By Susan Duerksen / Center on Policy Initiatives
San Diego’s Community Budget Alliance (CBA) has won approval of environmental, labor, police reform, and pedestrian safety projects this year, and will continue to push for more equitable spending throughout the final month of brewing the 2018-19 City budget.
The City Council has several chances in June to modify the proposed budget for the fiscal year that starts July 1. The CBA coalition, which advocates for budget equity to benefit low-wage working people and underserved communities, is asking the Council to fund these items:
- Training in restorative justice practices for 125 police officers working in City Heights, to help keep youth in school and out of prisons.

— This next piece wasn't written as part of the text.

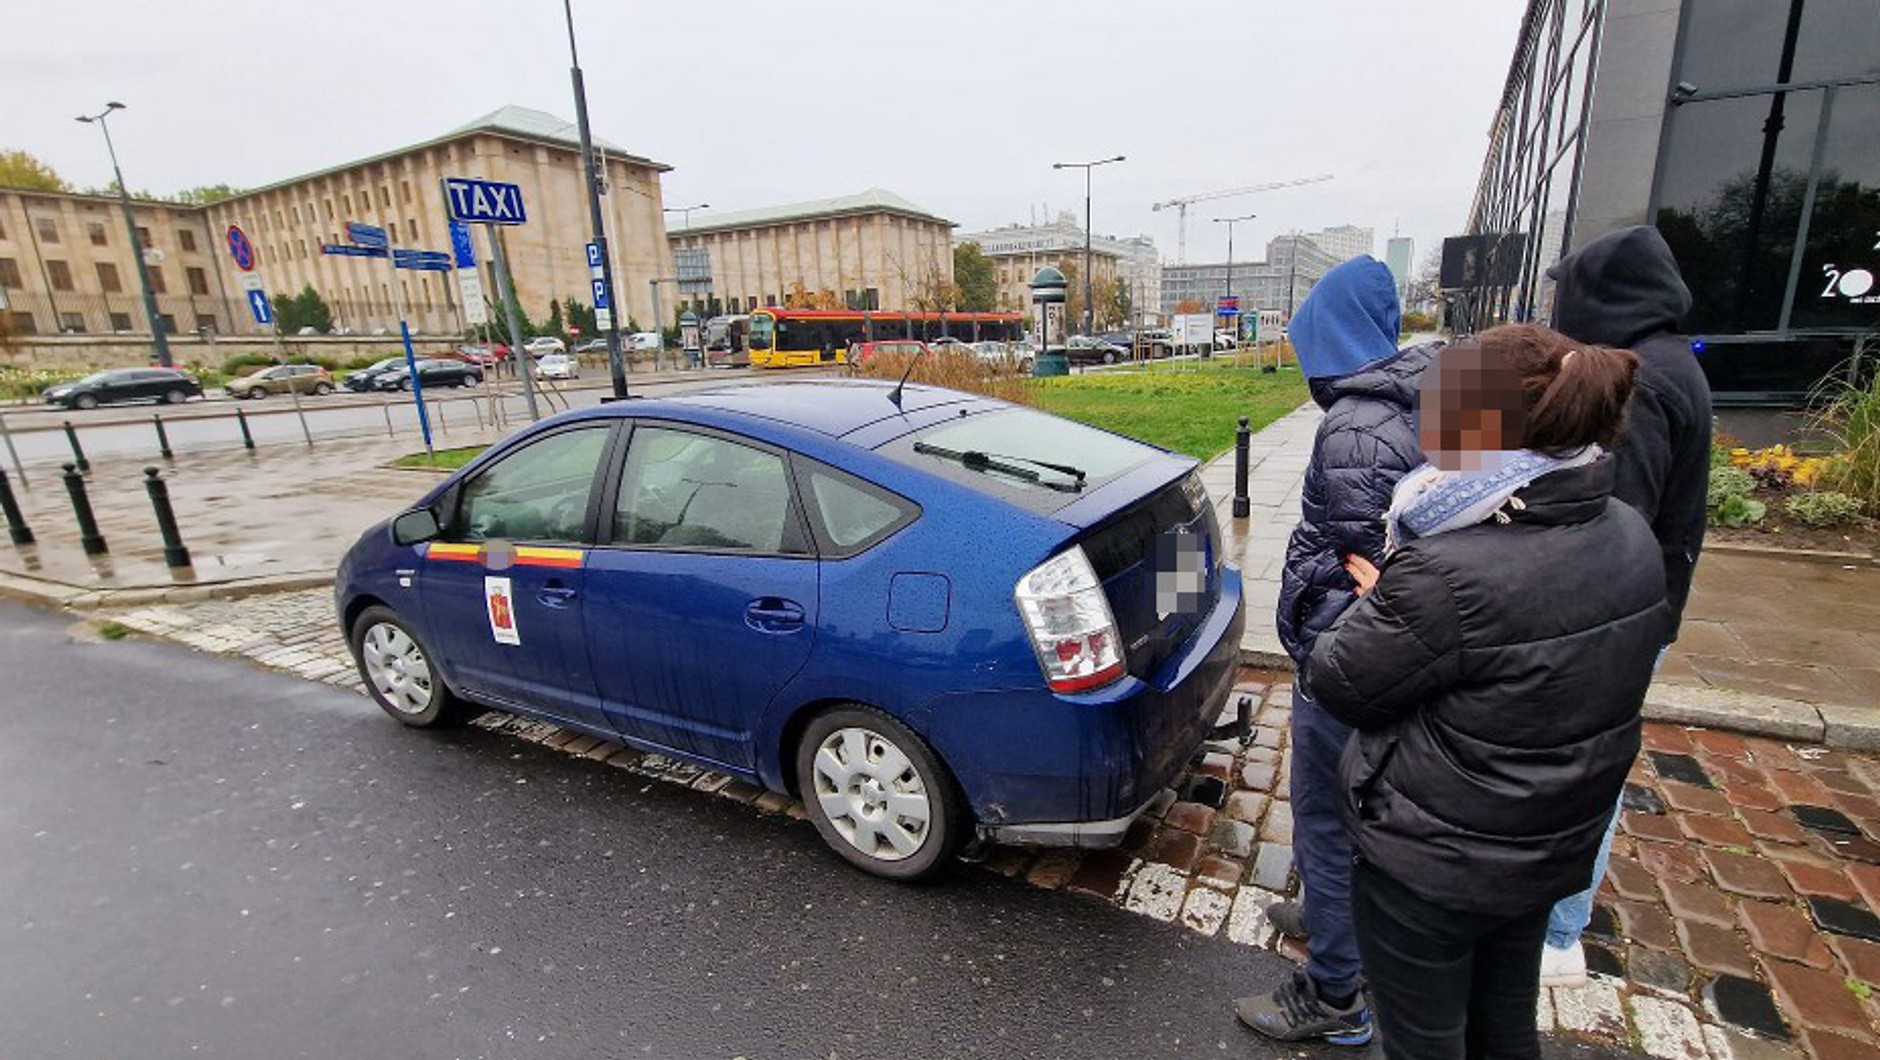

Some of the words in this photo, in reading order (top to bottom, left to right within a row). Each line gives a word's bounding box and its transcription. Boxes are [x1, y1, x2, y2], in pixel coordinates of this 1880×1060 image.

[449, 183, 520, 218] TAXI
[588, 245, 598, 265] P
[594, 281, 604, 301] P

- Contracts with community organizations for outreach to inform workers of minimum wage and sick leave laws and help resolve cases of violations.
- New playground equipment, play surfaces, toilets, and drinking fountains at Emerald Hills Community Park, which hasn’t been renovated for 50 years.
- Translation services at Community Planning Group meetings, to allow all city residents to be involved in land-use decisions affecting their neighborhoods.
- Prioritizing neglected neighborhoods for traffic safety projects under the Vision Zero program.
The local coalition has successfully advocated for the following projects this year and wants to make sure they stay in the budget:
- An annual Racial Impact Report providing public access to analysis of Police Department data on racial bias in policing practices.
- Staffing for implementation of the City’s Climate Action Plan, including a full-time position focused on equitable application of the plan.
- Analysis and reconfiguring of commercial truck routes through Barrio Logan, to reduce pollution and health concerns for residents.
- A study of the local jobs to be created by a Community Choice Energy program.
- Court surface repairs at Emerald Hills Community Park.
- Pedestrian crossing signals at the corner of El Cajon Blvd. and Altadena Avenue, site of a recent fatality.
- Restoring a program to connect frequent emergency service users with other resources.
The CBA’s successes in recent years demonstrate the power of direct community advocacy to make changes that improve daily life in San Diego.
Dozens of local residents affiliated with the CBA attended the City’s evening budget hearing a week ago, to support each other in making these and other budget requests.The coalition several years ago had convinced the City Council to hold the evening hearings to allow people who work standard workdays to be heard.
The City Council is scheduled to discuss potential budget revisions at meetings on June 11 and 12, with a final vote expected June 26.
The CBA’s core members this year include the Center on Policy Initiatives, ACLU San Diego, Alliance San Diego, Climate Action Campaign, Emerald Hills Town Council, Environmental Health Coalition, Interfaith Worker Justice, Mid-City CAN, and San Diego 350.